**EXERCISE PROMPT:**
Could you give the listing again exactly, without its pictures?

**INFORMATION SUPPLIED:**
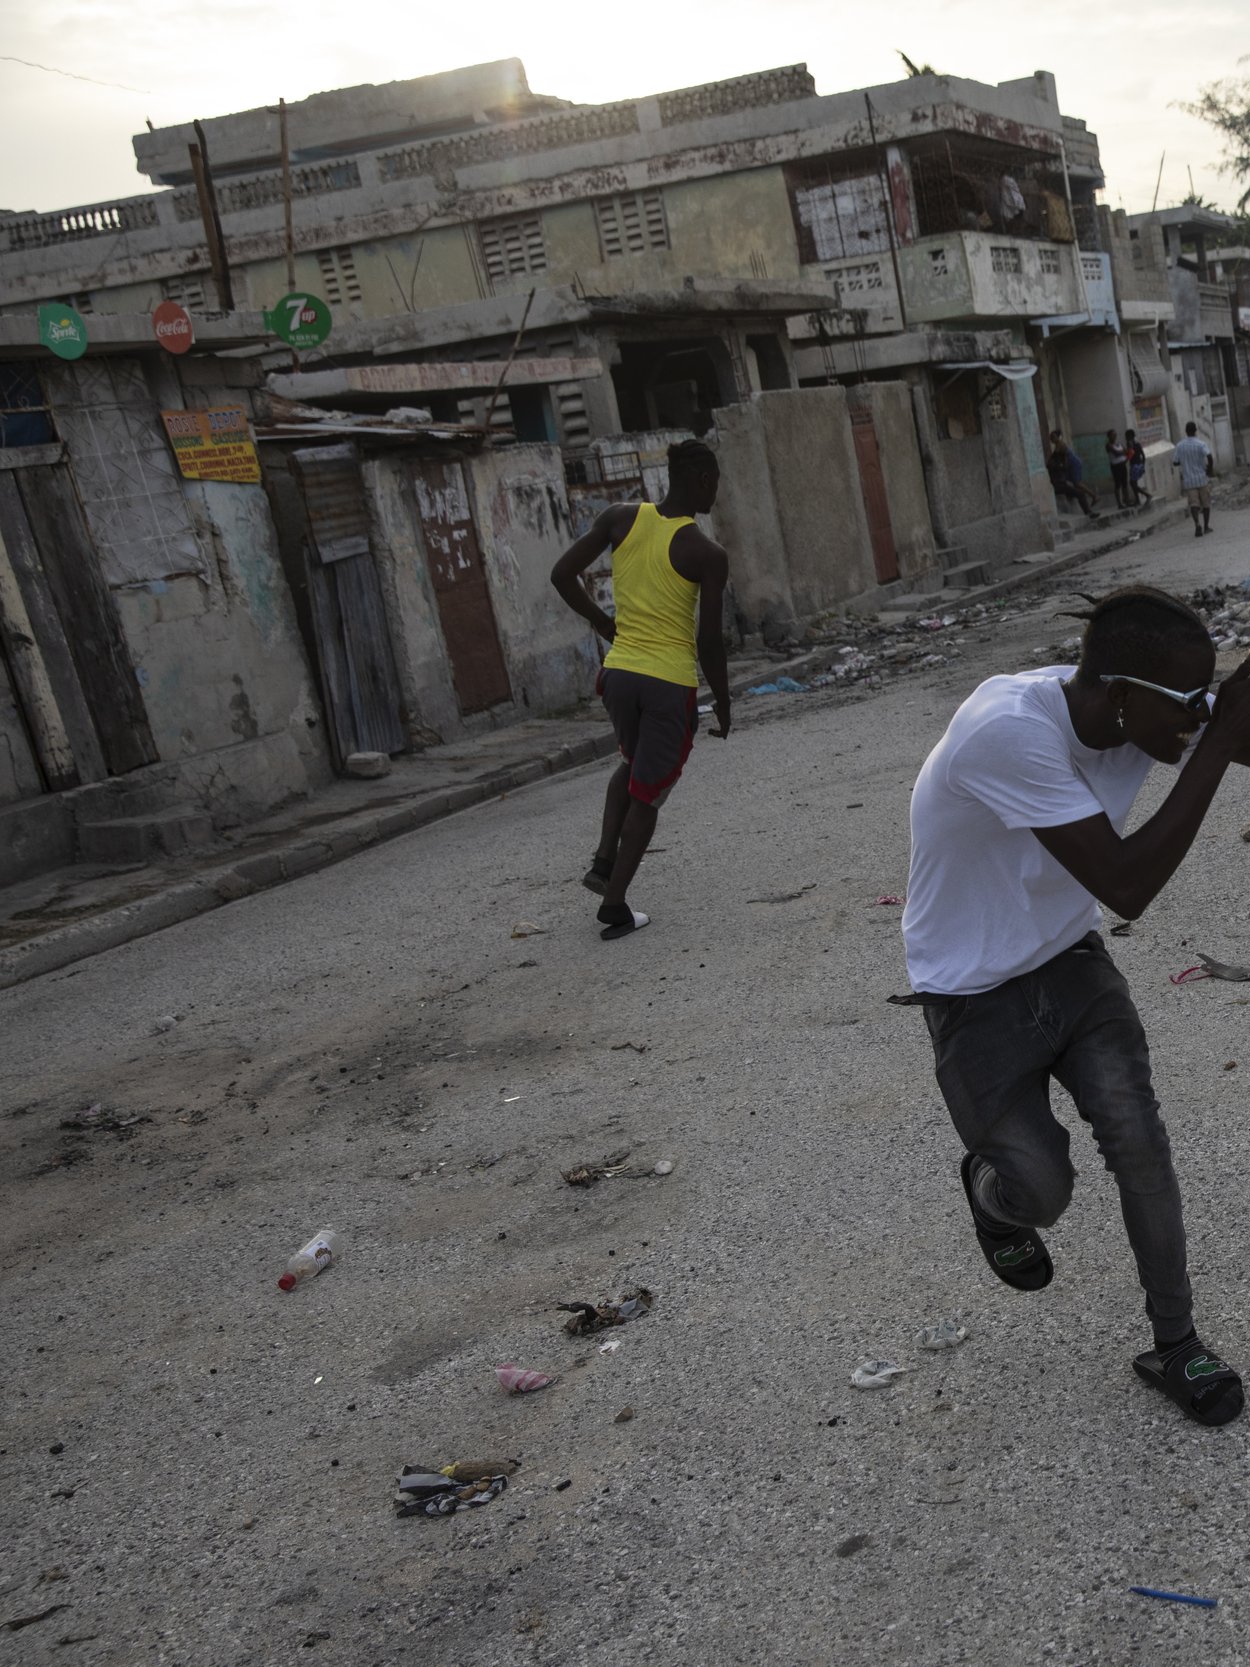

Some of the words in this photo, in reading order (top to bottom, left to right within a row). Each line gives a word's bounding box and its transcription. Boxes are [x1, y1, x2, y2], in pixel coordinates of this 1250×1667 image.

[51, 327, 77, 340] Sprite
[156, 318, 188, 337] Coca-Cola
[167, 415, 201, 433] ROSIE
[208, 410, 241, 432] DEPOT
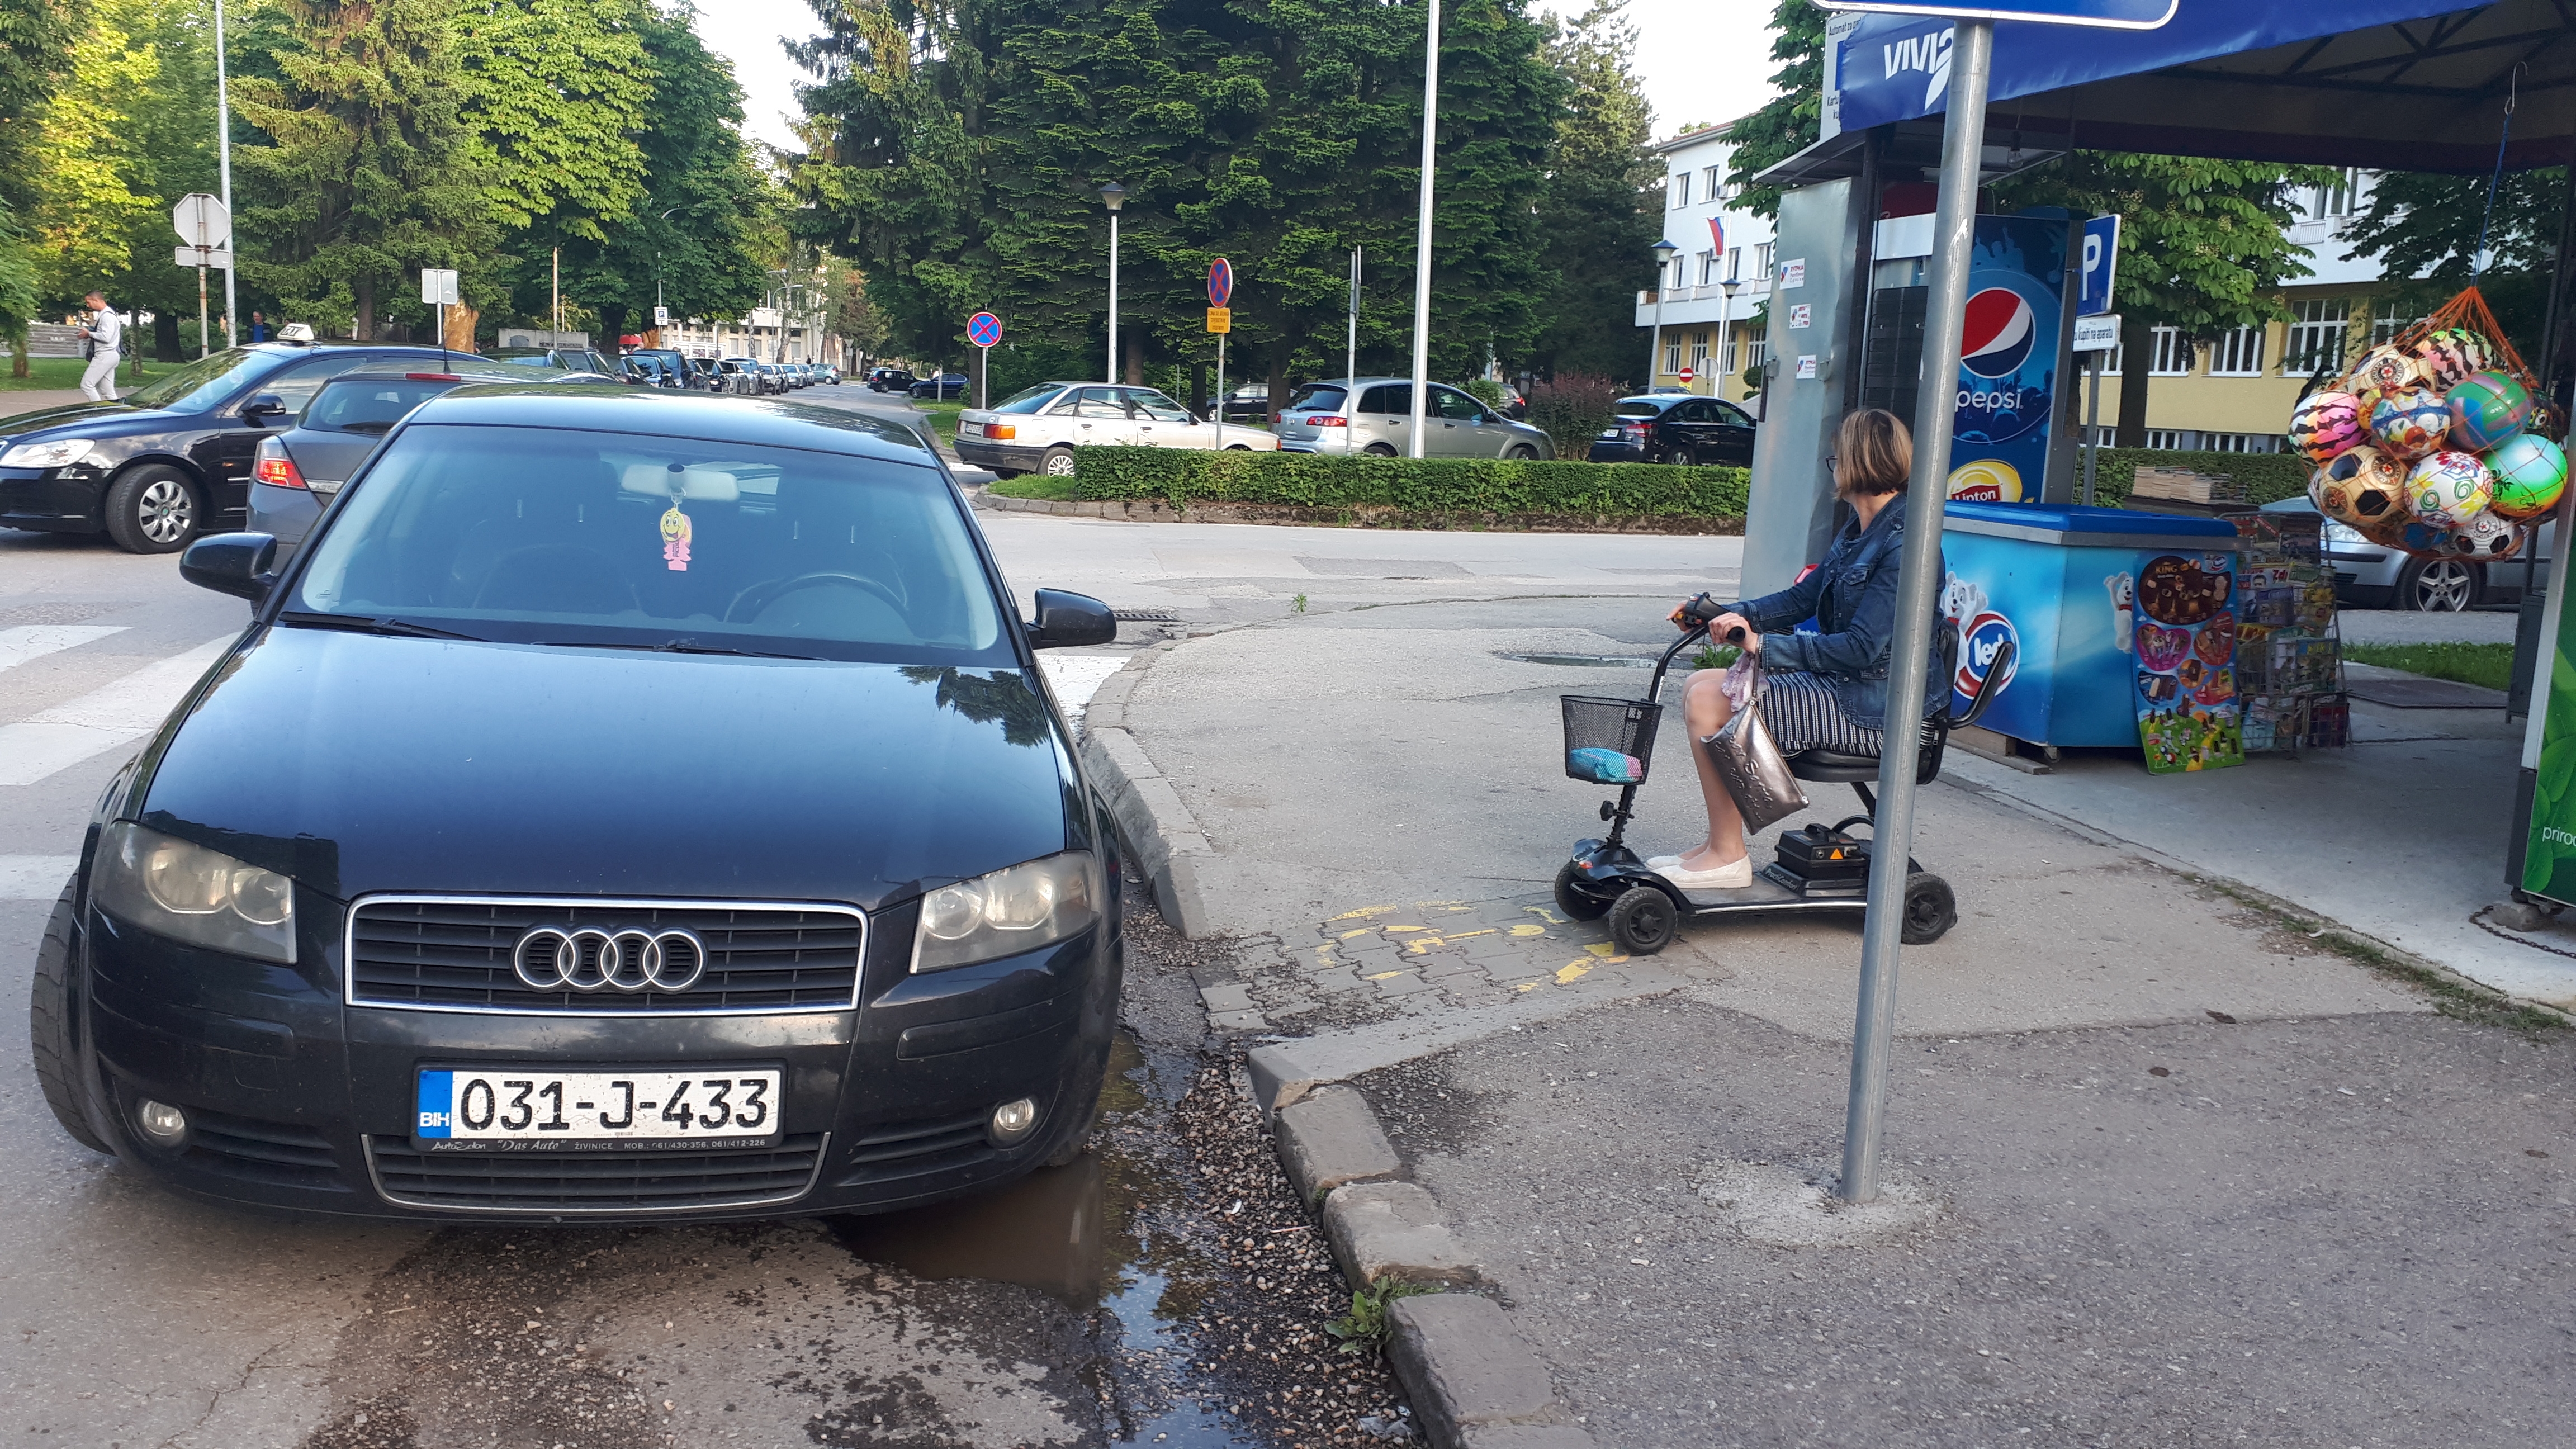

**RESULT OF THIS EXERCISE:**
Some of the words in this photo, in reading order (top to bottom, left to right within a row). Each line gives a word's bounding box and its transcription. Boxes are [x1, y1, x2, y2], in pixel coordinates of this 1250×1667 image.

[51, 327, 77, 340] Sprite
[156, 318, 188, 337] Coca-Cola
[167, 415, 201, 433] ROSIE
[208, 410, 241, 432] DEPOT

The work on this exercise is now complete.